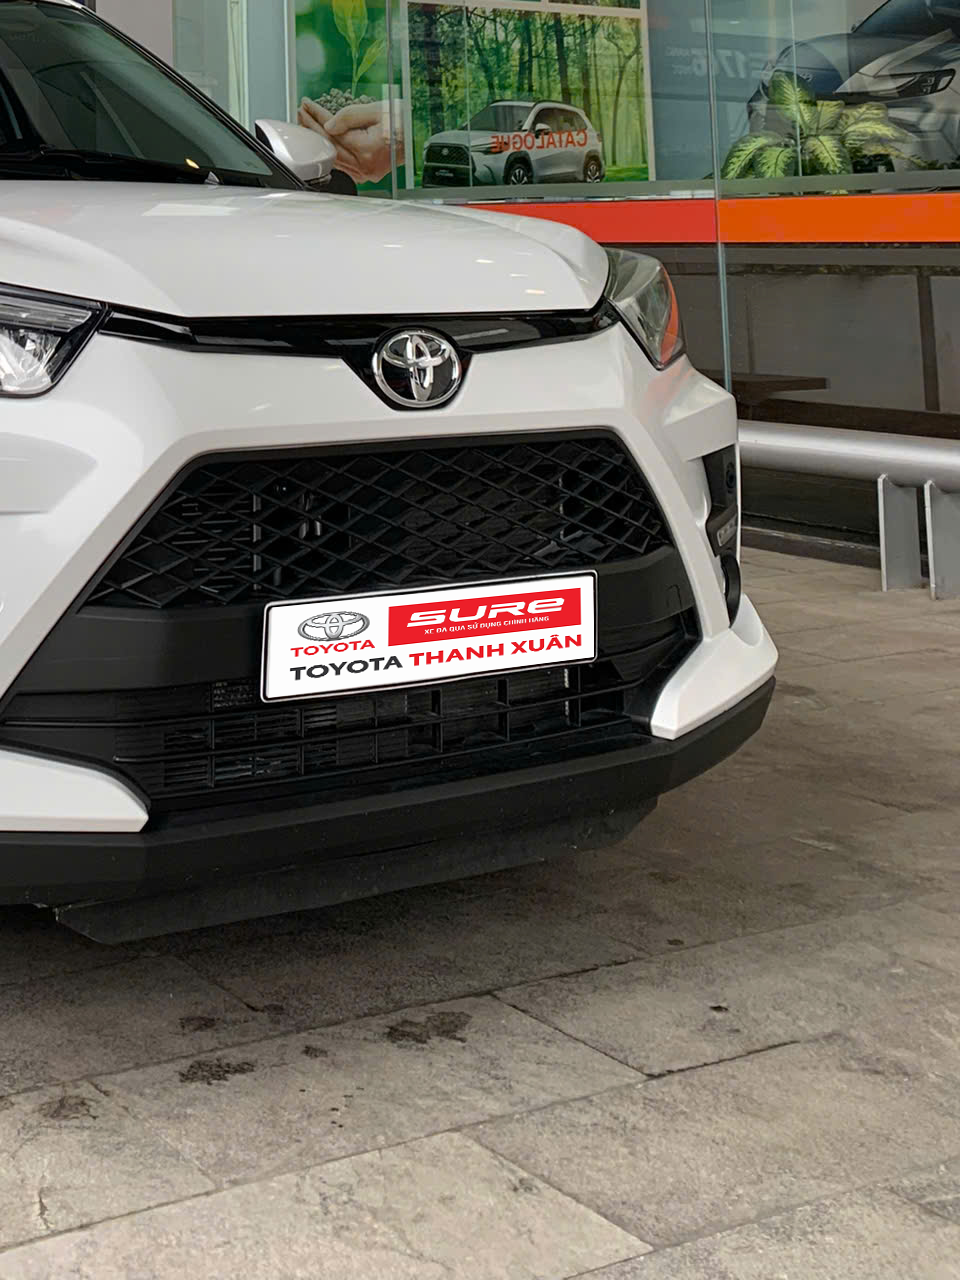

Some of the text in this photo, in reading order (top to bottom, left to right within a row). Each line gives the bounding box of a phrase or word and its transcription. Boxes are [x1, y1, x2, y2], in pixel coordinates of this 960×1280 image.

[290, 639, 376, 658] TOYOTA
[290, 634, 582, 681] TOYOTA THANH XUÂN
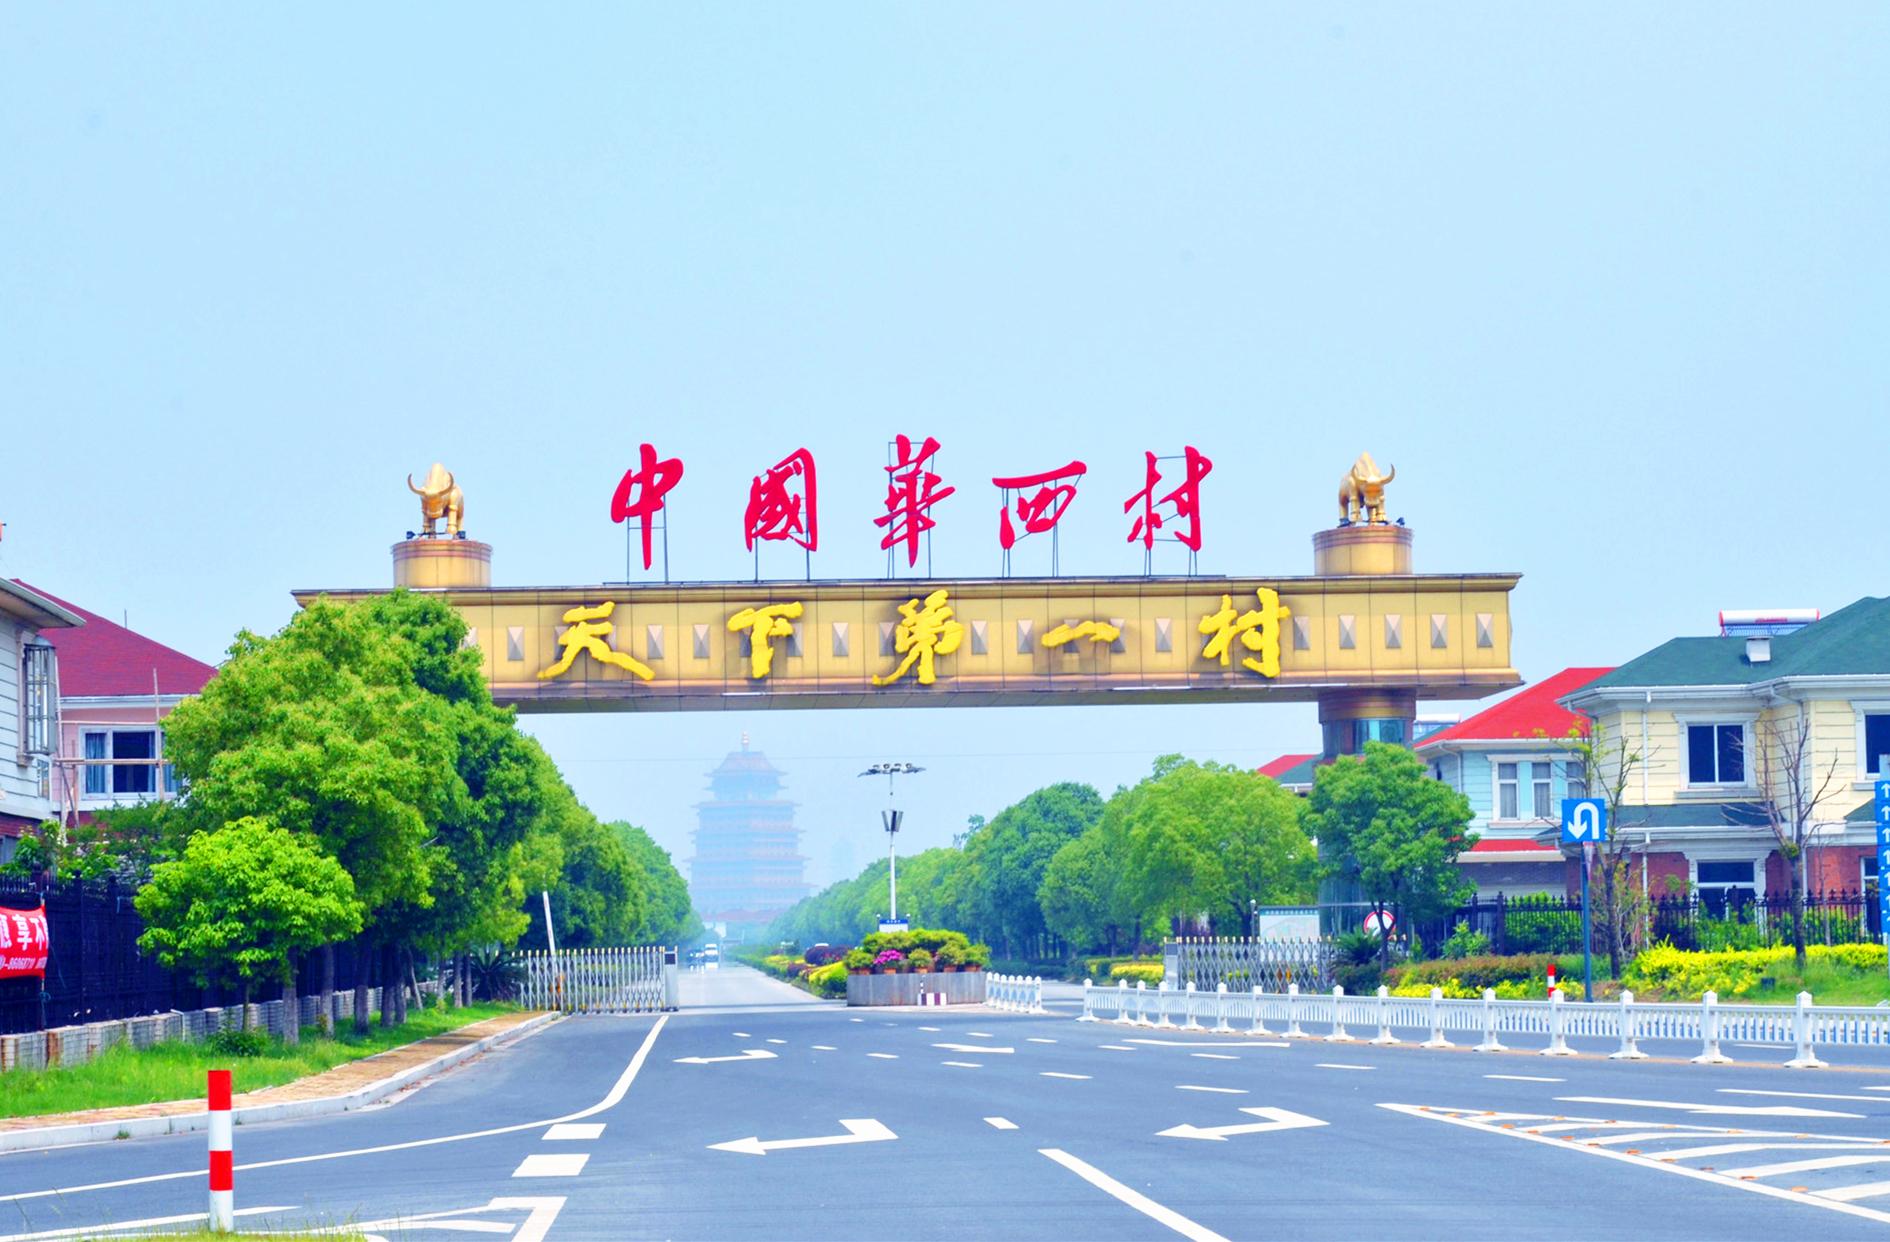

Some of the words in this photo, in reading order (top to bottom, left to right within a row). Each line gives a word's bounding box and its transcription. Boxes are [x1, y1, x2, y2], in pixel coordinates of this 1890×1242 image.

[610, 434, 1212, 569] 中國華西村
[537, 587, 1291, 686] 天下第一村

——————

• **EXERCISE BRIEF**
Would you copy out the data exactly, leaving every picture out?

• **RESPONSE FOR THIS EXERCISE**
Some of the text in this photo, in reading order (top to bottom, left to right within a row). Each line gives the bounding box of a phrase or word and its transcription. Boxes are [x1, y1, x2, y2], in pixel coordinates of this 960×1280 image.

[290, 639, 376, 658] TOYOTA
[290, 634, 582, 681] TOYOTA THANH XUÂN

Some of the words in this photo, in reading order (top to bottom, left to right within a row). Each line gives a word's bounding box and its transcription. Boxes are [x1, y1, x2, y2], in pixel coordinates of this 1890×1242 image.

[610, 434, 1212, 569] 中國華西村
[537, 587, 1291, 686] 天下第一村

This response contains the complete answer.